### About this task
Line by line, copy the records below exactly and leave the pictures out.

____________________

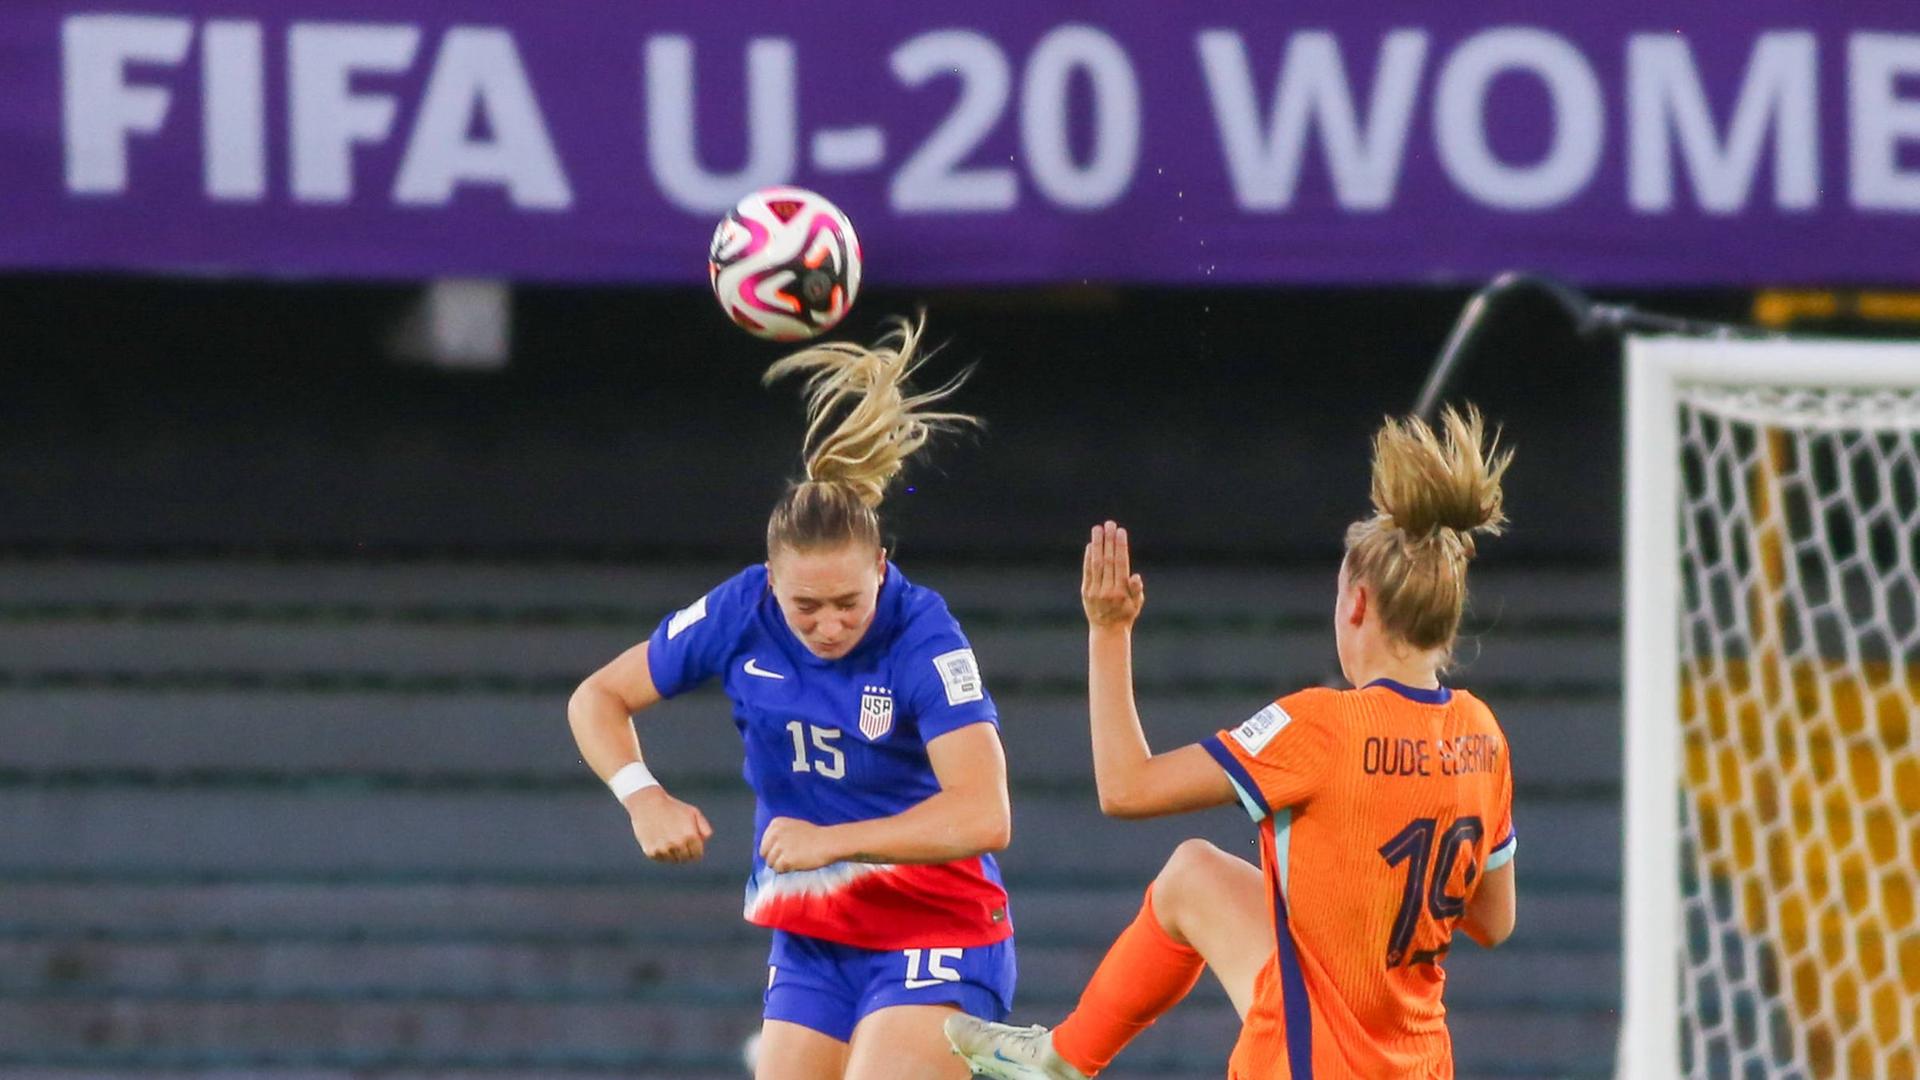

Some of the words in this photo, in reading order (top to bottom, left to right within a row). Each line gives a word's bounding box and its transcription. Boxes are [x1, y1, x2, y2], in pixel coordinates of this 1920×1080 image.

[61, 14, 574, 209] FIFA
[644, 25, 1141, 214] U-20
[1196, 25, 1920, 215] WOME
[863, 696, 891, 716] USA
[786, 720, 846, 780] 15
[1363, 736, 1430, 776] OUDE
[903, 948, 963, 982] 15
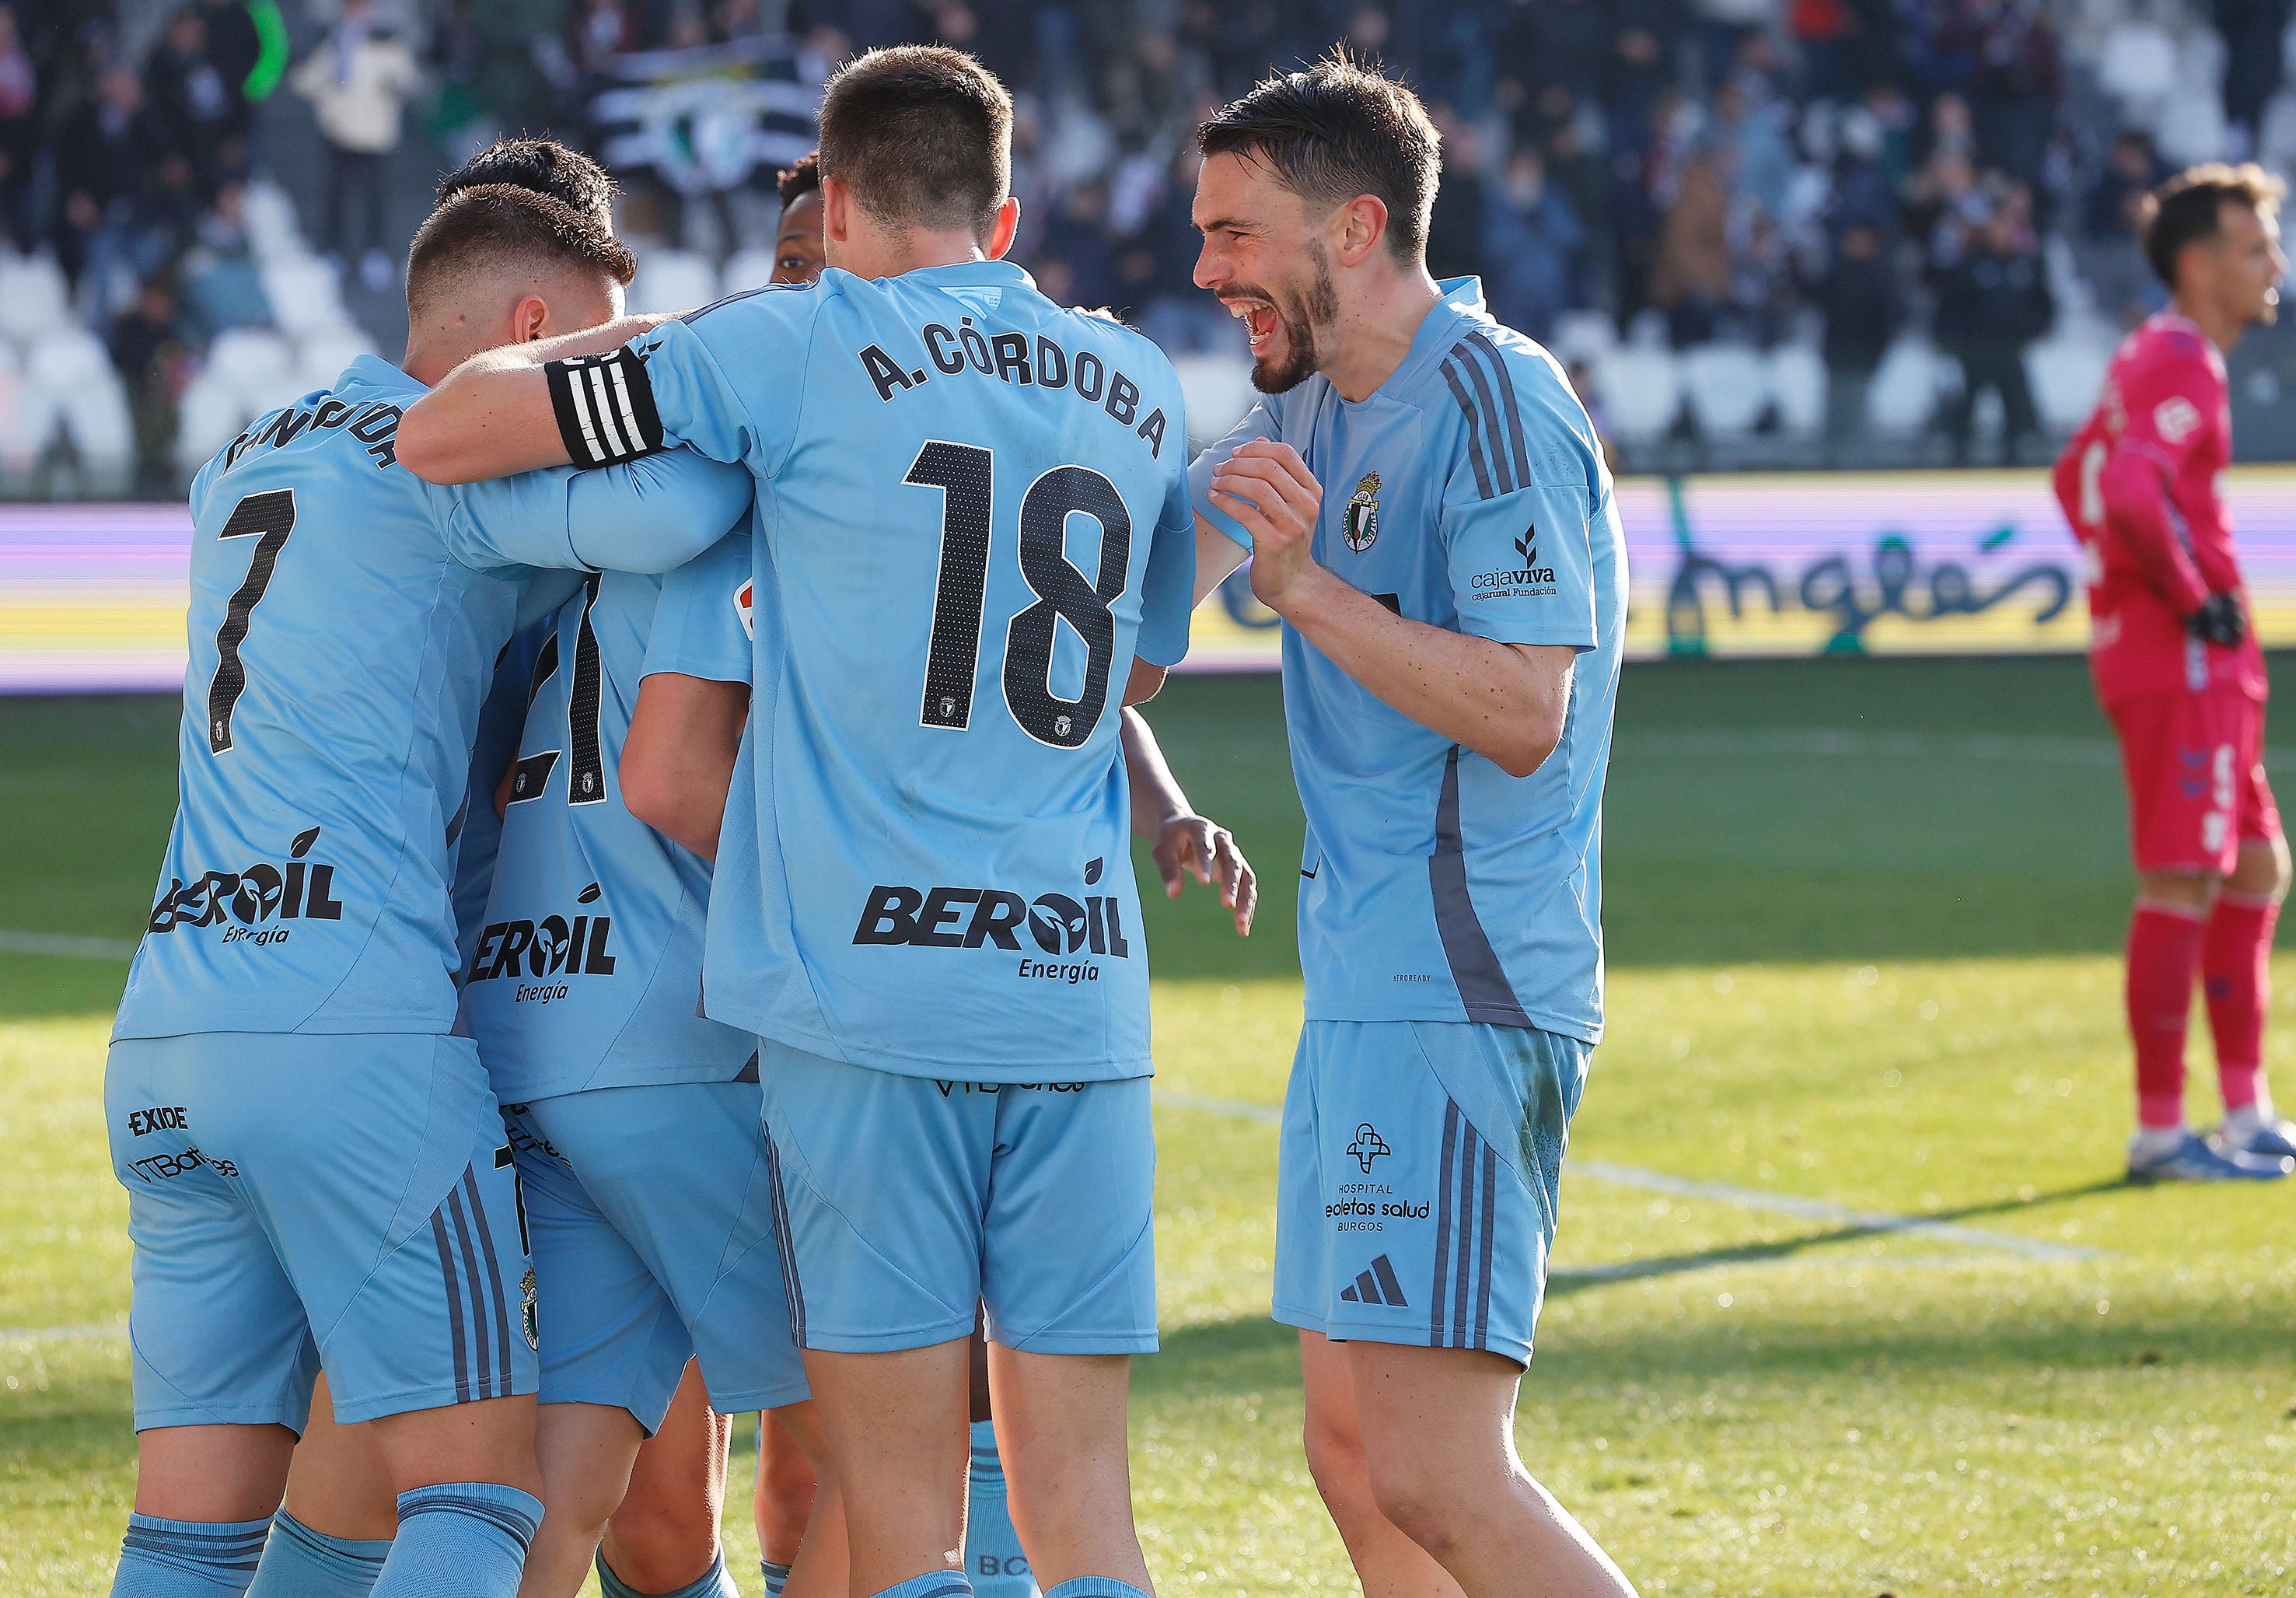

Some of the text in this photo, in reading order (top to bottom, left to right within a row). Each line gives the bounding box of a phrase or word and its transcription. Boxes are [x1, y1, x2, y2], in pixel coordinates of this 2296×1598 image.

[858, 316, 1168, 463] A. CÓRDOBA
[1471, 568, 1556, 590] cajaviva
[900, 439, 1134, 750] 18
[1472, 586, 1557, 602] cajarural Fundación
[208, 488, 296, 757] 7
[465, 882, 617, 984] EROIL
[1019, 959, 1099, 984] Energía
[1393, 974, 1431, 983] AEROREADY
[515, 980, 569, 1005] Energía
[128, 1107, 189, 1137] EXIDE
[1338, 1184, 1393, 1194] HOSPITAL
[1381, 1200, 1430, 1219] salud
[1337, 1222, 1383, 1232] BURGOS
[980, 1555, 1033, 1576] BC

____________________

### Response to the exercise
Some of the words in this photo, in reading order (top to bottom, left to right within a row). Each line gives a word's bounding box and its transcription. Boxes are [x1, y1, x2, y2], in pixel coordinates of this 1920×1080 image.

[61, 14, 574, 209] FIFA
[644, 25, 1141, 214] U-20
[1196, 25, 1920, 215] WOME
[863, 696, 891, 716] USA
[786, 720, 846, 780] 15
[1363, 736, 1430, 776] OUDE
[903, 948, 963, 982] 15

Some of the text in this photo, in reading order (top to bottom, left to right within a row). Each line gives the bounding box of a phrase or word and its transcription. Boxes are [x1, y1, x2, y2], in pixel coordinates of this 2296×1598 image.

[858, 316, 1168, 463] A. CÓRDOBA
[1471, 568, 1556, 590] cajaviva
[900, 439, 1134, 750] 18
[1472, 586, 1557, 602] cajarural Fundación
[208, 488, 296, 757] 7
[465, 882, 617, 984] EROIL
[1019, 959, 1099, 984] Energía
[1393, 974, 1431, 983] AEROREADY
[515, 980, 569, 1005] Energía
[128, 1107, 189, 1137] EXIDE
[1338, 1184, 1393, 1194] HOSPITAL
[1381, 1200, 1430, 1219] salud
[1337, 1222, 1383, 1232] BURGOS
[980, 1555, 1033, 1576] BC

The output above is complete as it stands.